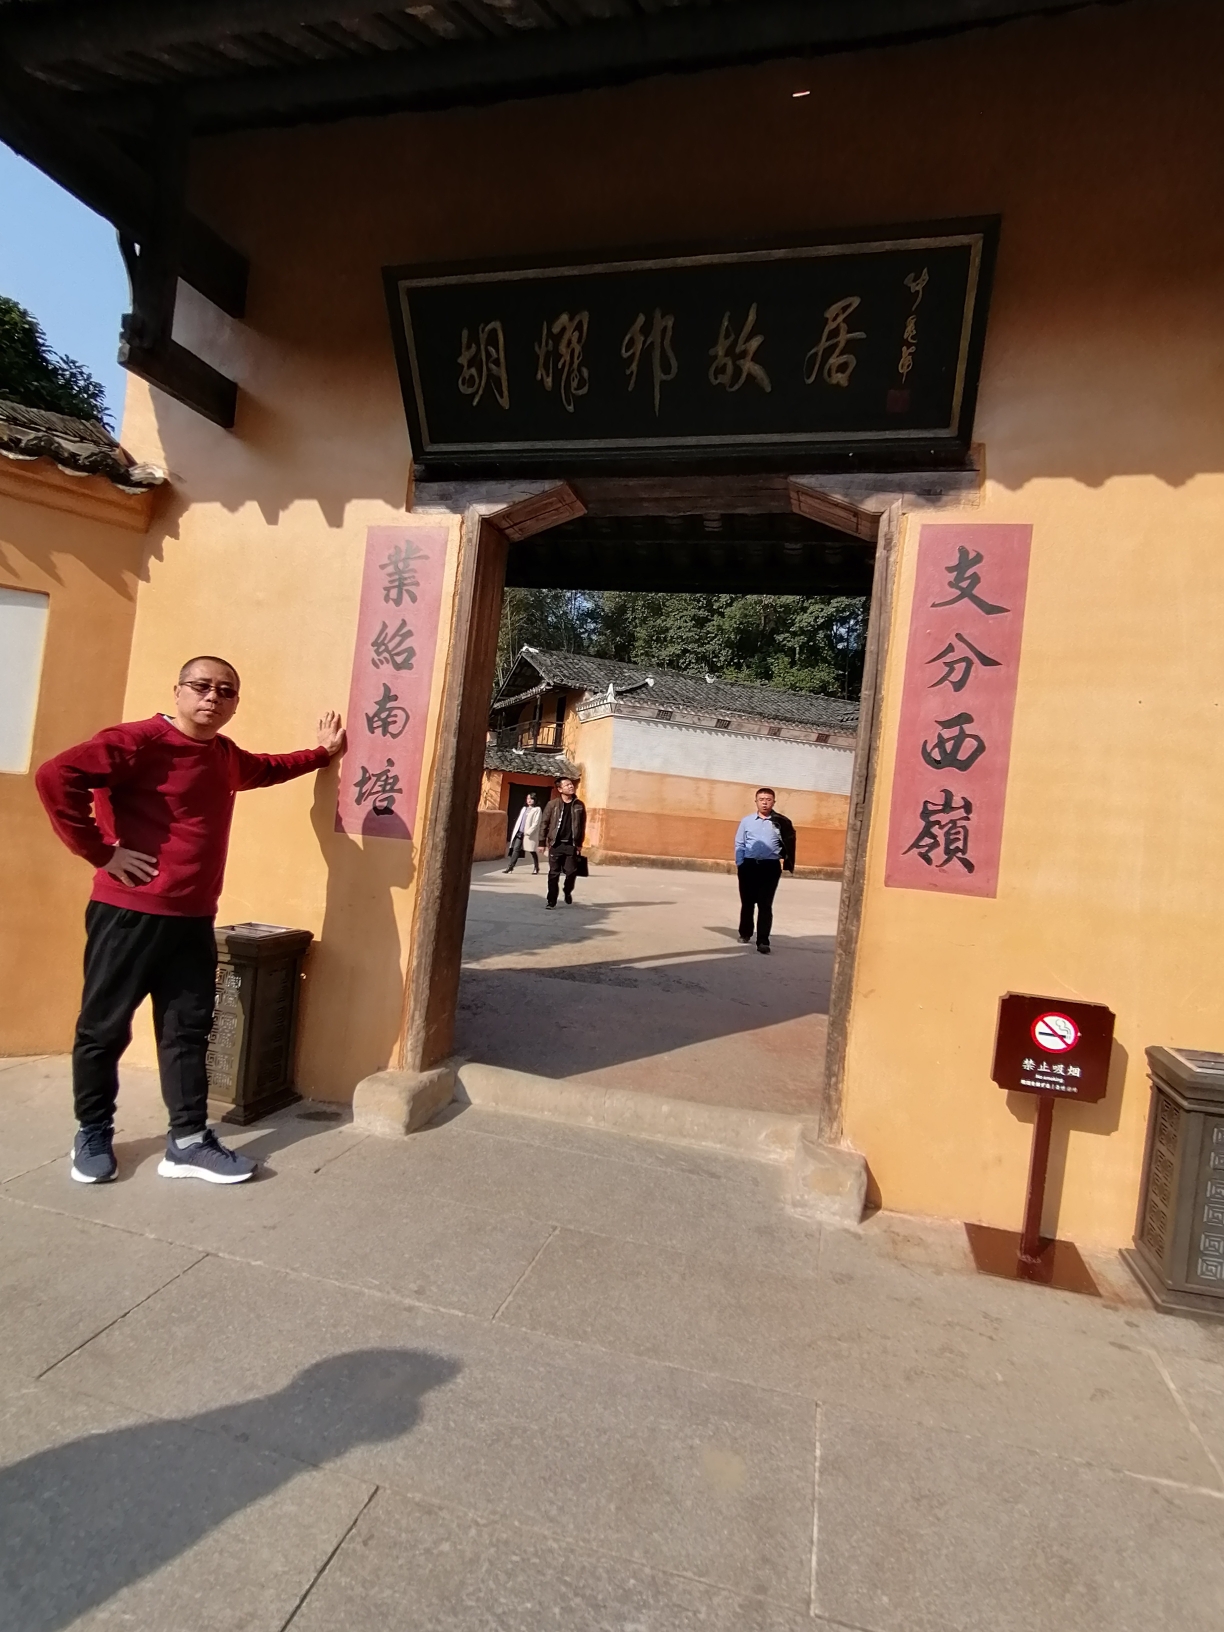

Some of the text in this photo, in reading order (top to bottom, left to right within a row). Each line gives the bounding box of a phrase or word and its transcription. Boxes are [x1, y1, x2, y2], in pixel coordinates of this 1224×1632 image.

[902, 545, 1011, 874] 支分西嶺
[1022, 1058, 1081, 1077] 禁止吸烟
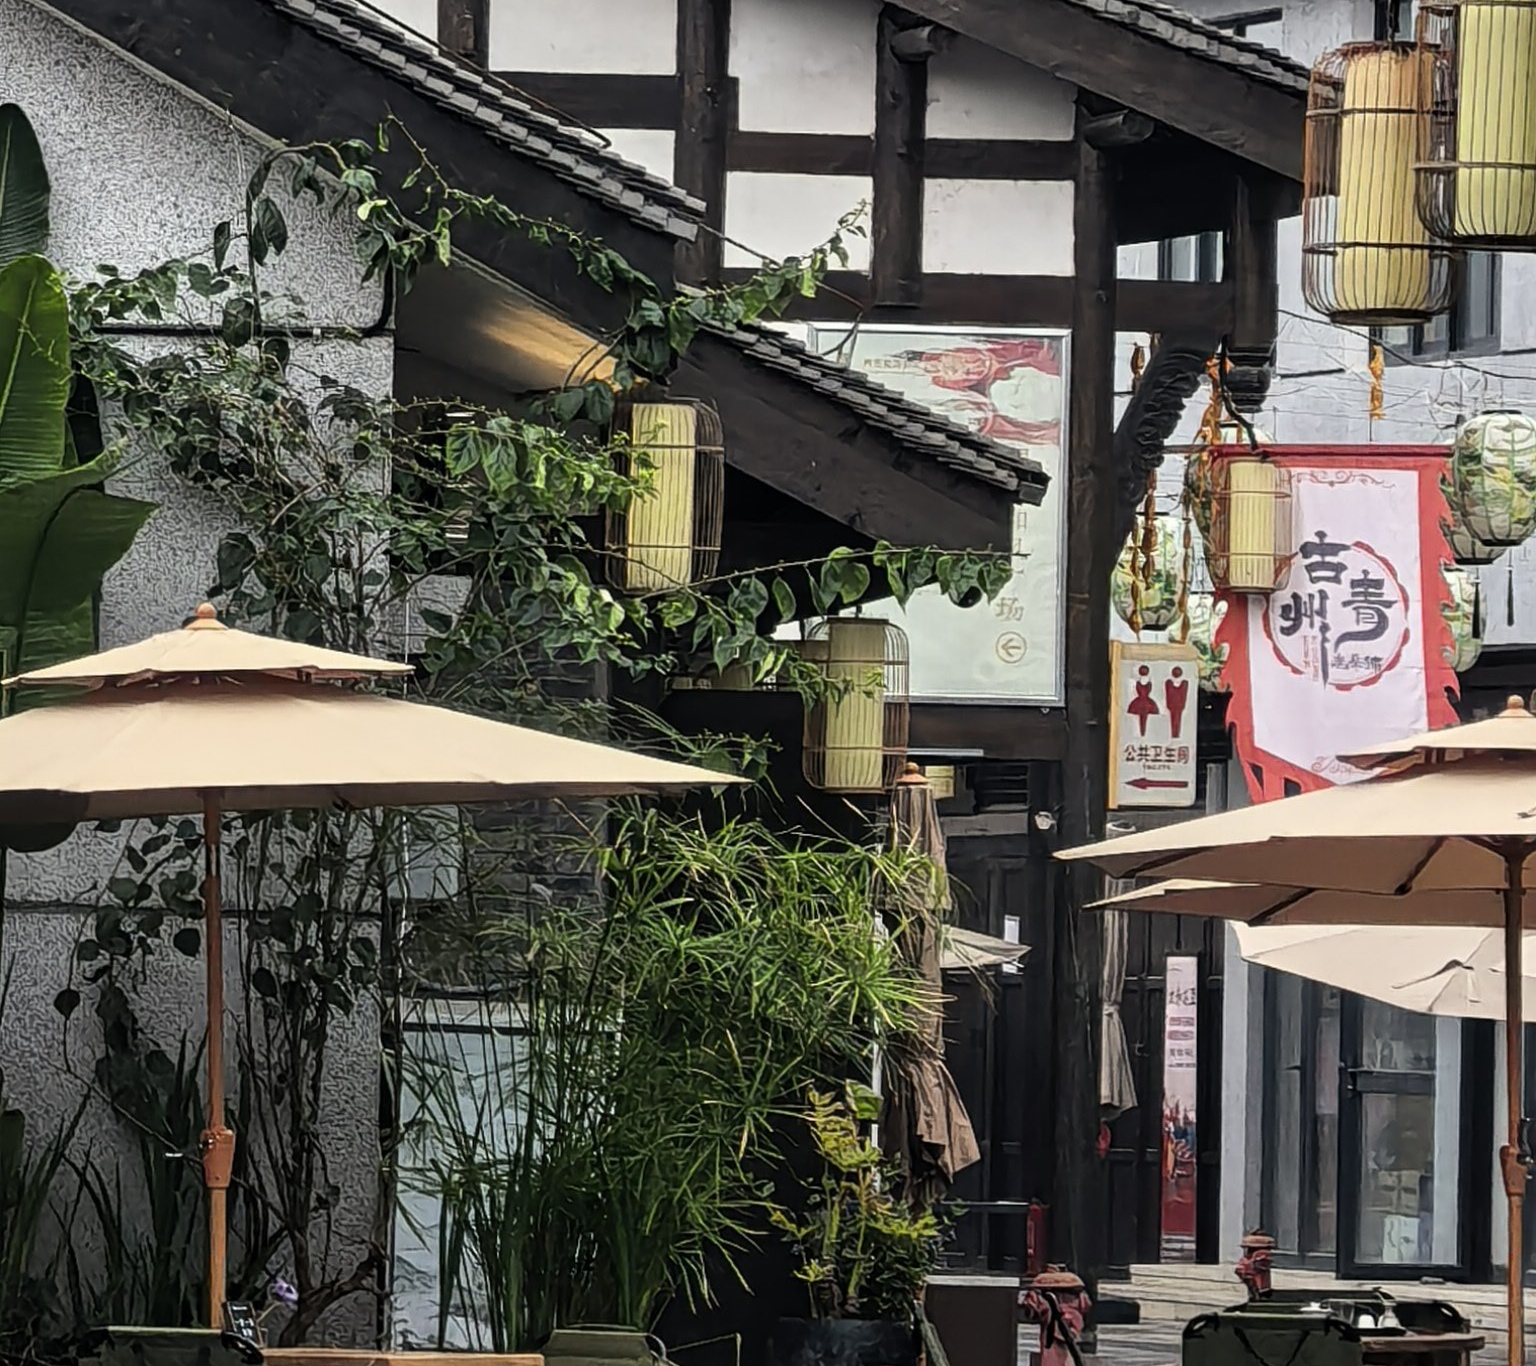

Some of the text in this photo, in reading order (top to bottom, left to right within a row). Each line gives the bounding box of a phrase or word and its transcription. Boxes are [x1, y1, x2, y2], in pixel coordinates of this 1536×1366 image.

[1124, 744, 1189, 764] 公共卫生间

#####

> [Aim of the task]:
Could you repeat the listing above exactly, omitting its pictures?

> [Exercise output]:
Some of the text in this photo, in reading order (top to bottom, left to right within a row). Each line gives the bounding box of a phrase or word and its transcription. Boxes are [x1, y1, x2, y2], in pixel coordinates of this 1224×1632 image.

[902, 545, 1011, 874] 支分西嶺
[1022, 1058, 1081, 1077] 禁止吸烟

Some of the text in this photo, in reading order (top to bottom, left to right within a row). Each line gives the bounding box of a phrase or word and its transcription. Boxes are [x1, y1, x2, y2], in pixel coordinates of this 1536×1366 image.

[1124, 744, 1189, 764] 公共卫生间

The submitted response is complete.